- _GOAL OF THE EXERCISE_
Copy out every record that follows, word for word.

- _RECORDS SUPPLIED_
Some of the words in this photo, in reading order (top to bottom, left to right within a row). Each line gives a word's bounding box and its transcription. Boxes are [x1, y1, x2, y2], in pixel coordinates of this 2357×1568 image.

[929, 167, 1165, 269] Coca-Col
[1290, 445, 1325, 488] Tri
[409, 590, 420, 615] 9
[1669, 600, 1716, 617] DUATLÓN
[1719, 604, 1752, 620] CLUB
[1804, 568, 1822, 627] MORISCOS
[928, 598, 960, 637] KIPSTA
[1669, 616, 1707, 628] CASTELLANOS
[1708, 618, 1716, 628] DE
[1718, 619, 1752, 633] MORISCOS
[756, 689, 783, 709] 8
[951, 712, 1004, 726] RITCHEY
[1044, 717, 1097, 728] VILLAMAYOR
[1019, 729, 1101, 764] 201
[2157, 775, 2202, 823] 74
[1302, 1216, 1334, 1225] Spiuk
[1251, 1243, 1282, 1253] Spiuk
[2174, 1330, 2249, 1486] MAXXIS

- _OUTPUT FOR THIS EXERCISE_
Some of the words in this photo, in reading order (top to bottom, left to right within a row). Each line gives a word's bounding box and its transcription. Boxes are [x1, y1, x2, y2], in pixel coordinates of this 2357×1568 image.

[929, 167, 1165, 269] Coca-Col
[1290, 445, 1325, 488] Tri
[409, 590, 420, 615] 9
[1669, 600, 1716, 617] DUATLÓN
[1719, 604, 1752, 620] CLUB
[1804, 568, 1822, 627] MORISCOS
[928, 598, 960, 637] KIPSTA
[1669, 616, 1707, 628] CASTELLANOS
[1708, 618, 1716, 628] DE
[1718, 619, 1752, 633] MORISCOS
[756, 689, 783, 709] 8
[951, 712, 1004, 726] RITCHEY
[1044, 717, 1097, 728] VILLAMAYOR
[1019, 729, 1101, 764] 201
[2157, 775, 2202, 823] 74
[1302, 1216, 1334, 1225] Spiuk
[1251, 1243, 1282, 1253] Spiuk
[2174, 1330, 2249, 1486] MAXXIS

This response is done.